A first domestic treble is on for Manchester United, the quadruple too, with six matches separating them from a return to the Champions League Final, in Rome, on May 27.


And there, sadly, the fairytale may end. For if Manchester United are heading for the scrap of their lives on the home front, overtaking Liverpool and winning two cups, then adding a consecutive European triumph to it could prove mission impossible.

Indeed, a betting man with any respect for the formbook would attempt to buck the recession by placing a large wager on Inter Milan, champions of Italy, to dispatch United in the first knockout round next month.

Since 2004, the last 16 of the competition has been the graveyard of champions. Porto, Liverpool, Barcelona and AC Milan have all fallen at that stage and to escape a continuation United must defeat an Inter Milan team, marshalled by Jose Mourinho, in command of Serie A once more.

Inter were outplayed by Liverpool last season, but much has changed since then. Mourinho's gnomic expression in the Old Trafford directors' box on Sunday was interpreted as inner contempt for what had been done to his Chelsea team, but his acid observation that he saw only Manchester United on the field may, for once, be taken at face value.

No manager has greater awareness of the power of words than Mourinho and, yes, he will have calculated the double meaning and its withering appraisal of his former club, but he is at heart a pragmatist, and why should he waste a second of thought on Chelsea, when before him were his next European opponents, the global champions, due at the San Siro stadium on February 24?

He will have been generally familiar with what was on view. This is a Manchester United team that has been given the traditional shake of the reins by Sir Alex Ferguson in the second half of the season and is working its way through the field.

Ferguson plans his campaigns as expertly as a top jockey maps his route around Epsom Downs on Derby day. He stays in touch but rarely hits the front too early. Now he is beginning the kick for home.

The imaginative use of his midfield players on Sunday, Ryan Giggs and Darren Fletcher ahead of Michael Carrick, Anderson or Paul Scholes, suggests he has specific plans for each individual in the months ahead. Scholes against Inter Milan, perhaps, replicating his match-winning role against Barcelona last year.

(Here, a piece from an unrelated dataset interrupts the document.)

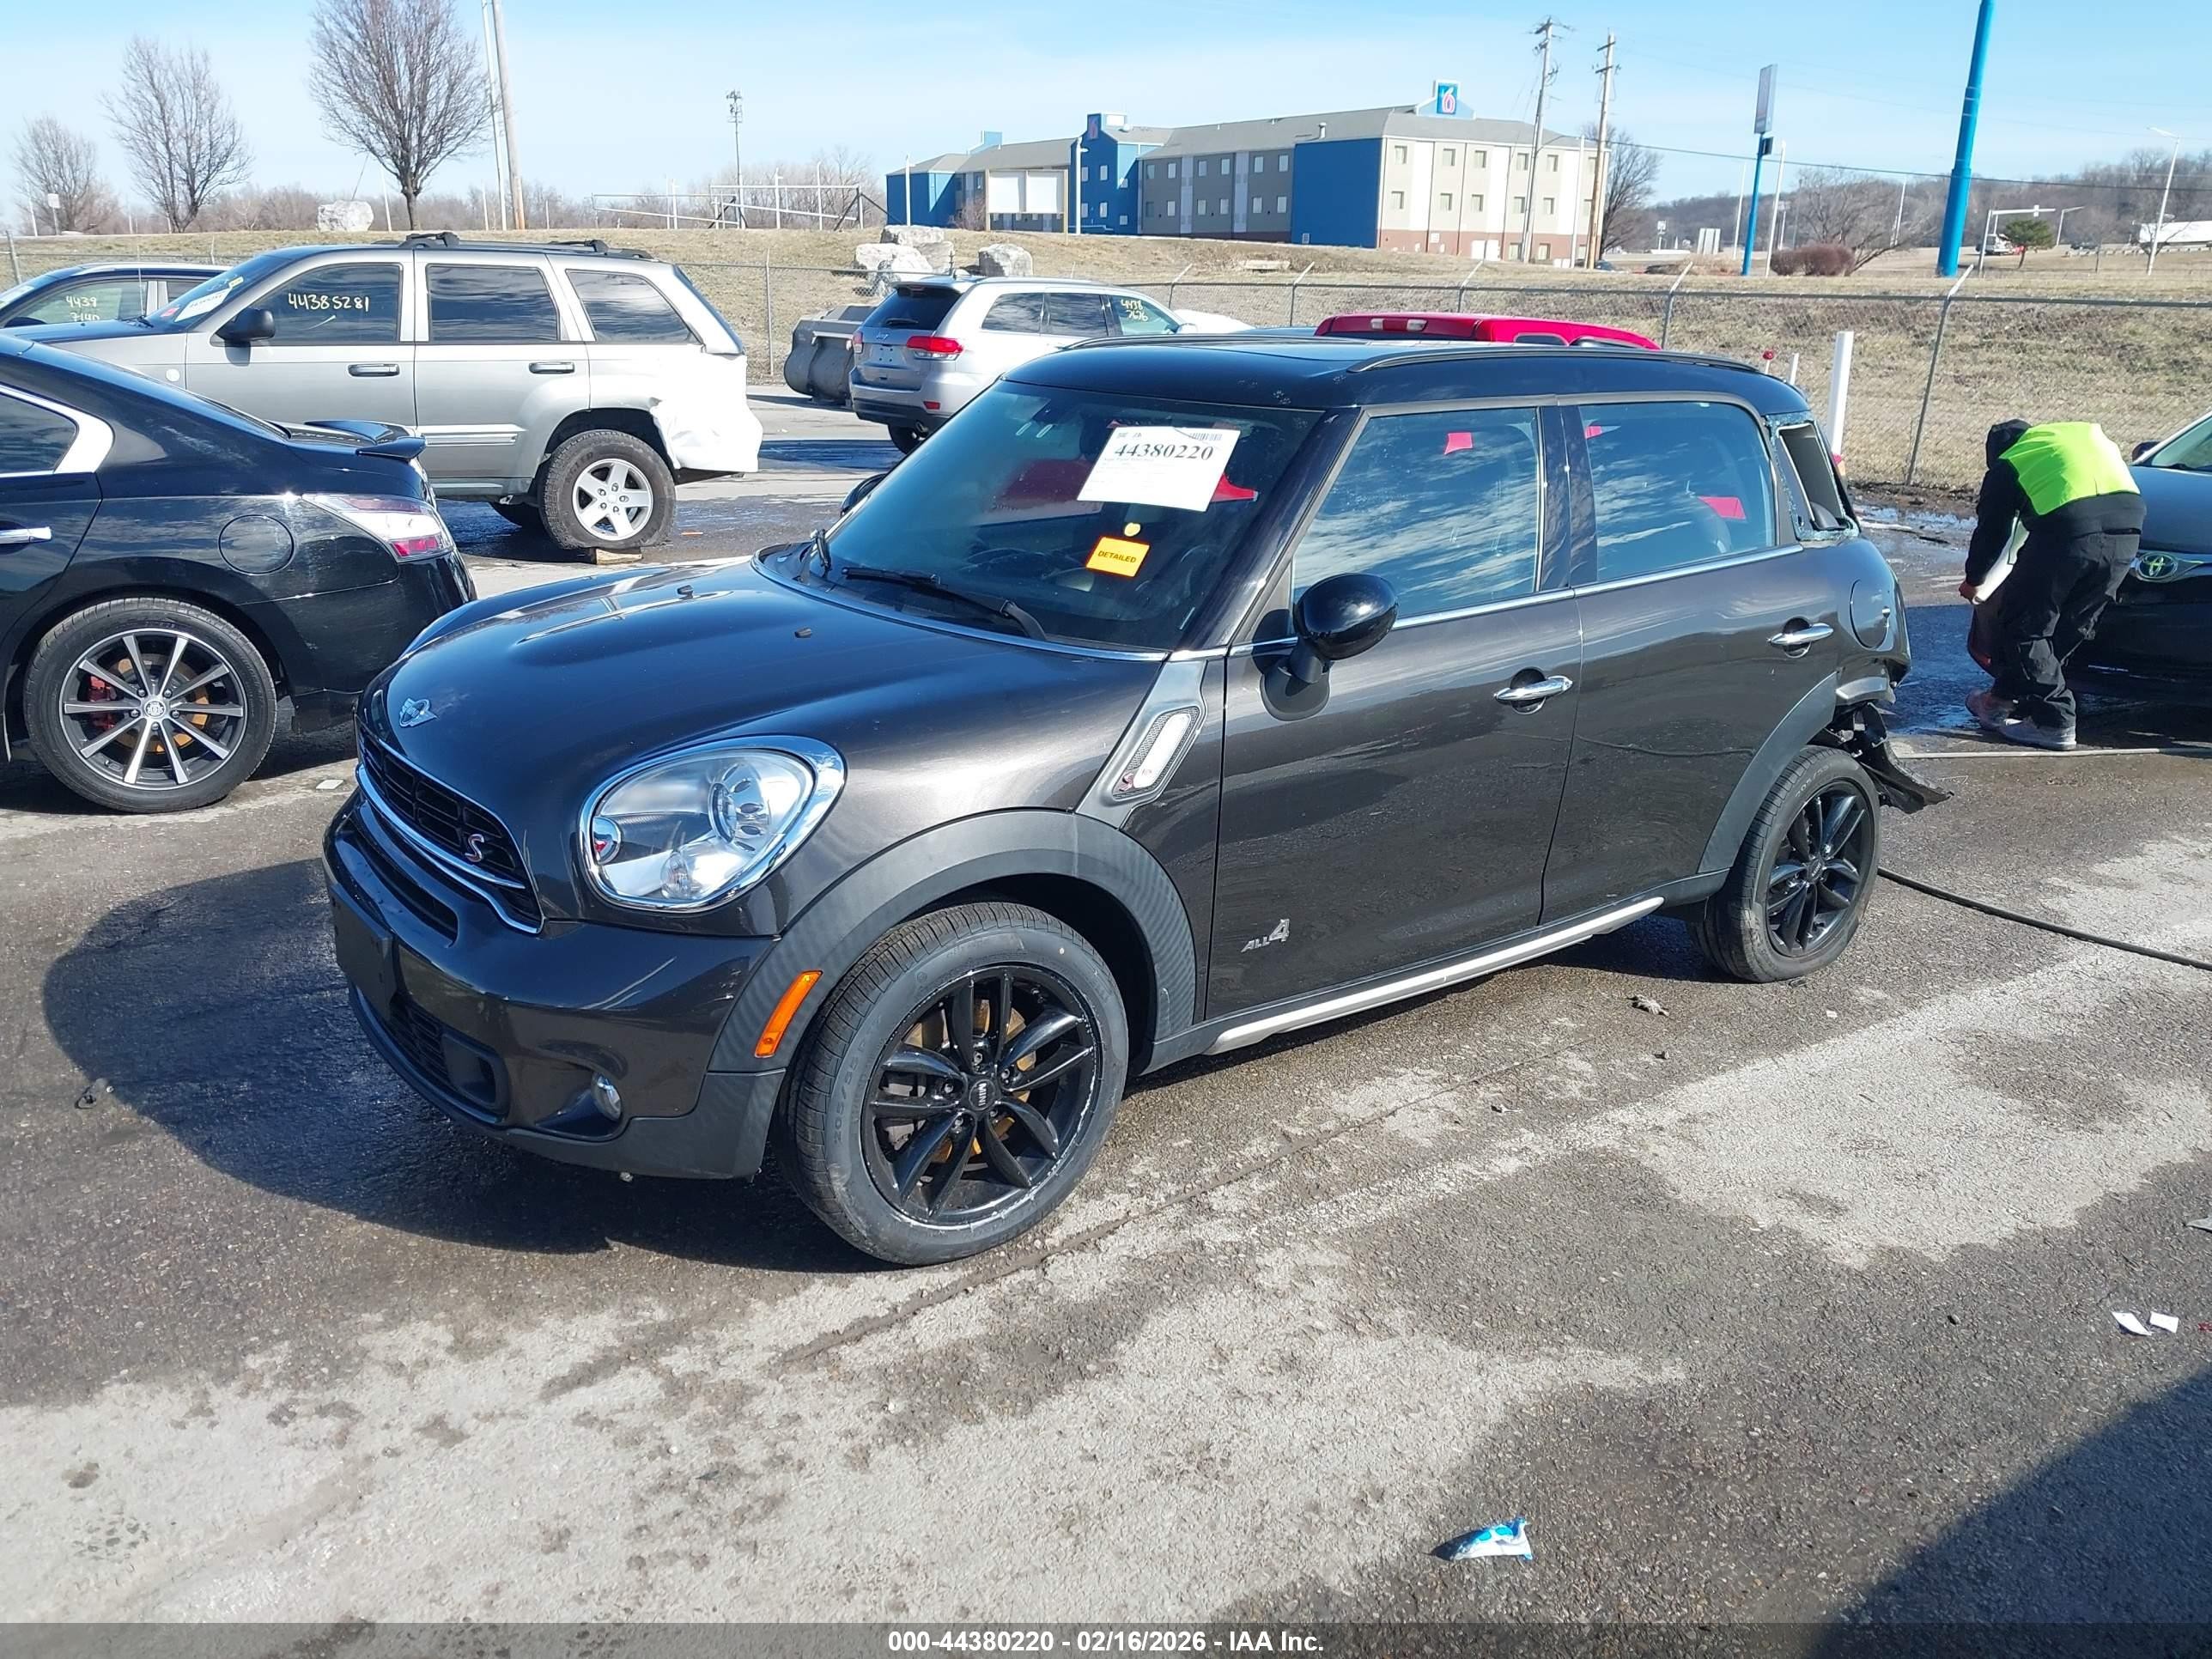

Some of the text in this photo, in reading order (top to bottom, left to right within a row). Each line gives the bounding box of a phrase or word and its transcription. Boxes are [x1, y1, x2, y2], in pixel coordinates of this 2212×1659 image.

There is no reason to be entirely pessimistic. At first glance, Manchester United, on current form, should have every chance against any opponent in Europe, but records are records for a reason, and the fact is since the European Cup changed to its Champions League format, no winner has retained the title.

Less widely realised, however, is the exhausting impact an appearance in a Champions League final has on the subsequent form of the winning club. The last champion team to make it back to the final the following year were Juventus, winners in 1996, beaten 3-1 by Borussia Dortmund in 1997. Dortmund's defence was ended by eventual winners Real Madrid at the semi-final stage, and Madrid went on to be eliminated by Dynamo Kiev in the quarter-finals the next year.

Manchester United's last attempt to win back-to-back European trophies was ended by Real Madrid, also at the quarter-final stage, at which point, adding insult to injury, the tournament became appreciably more difficult.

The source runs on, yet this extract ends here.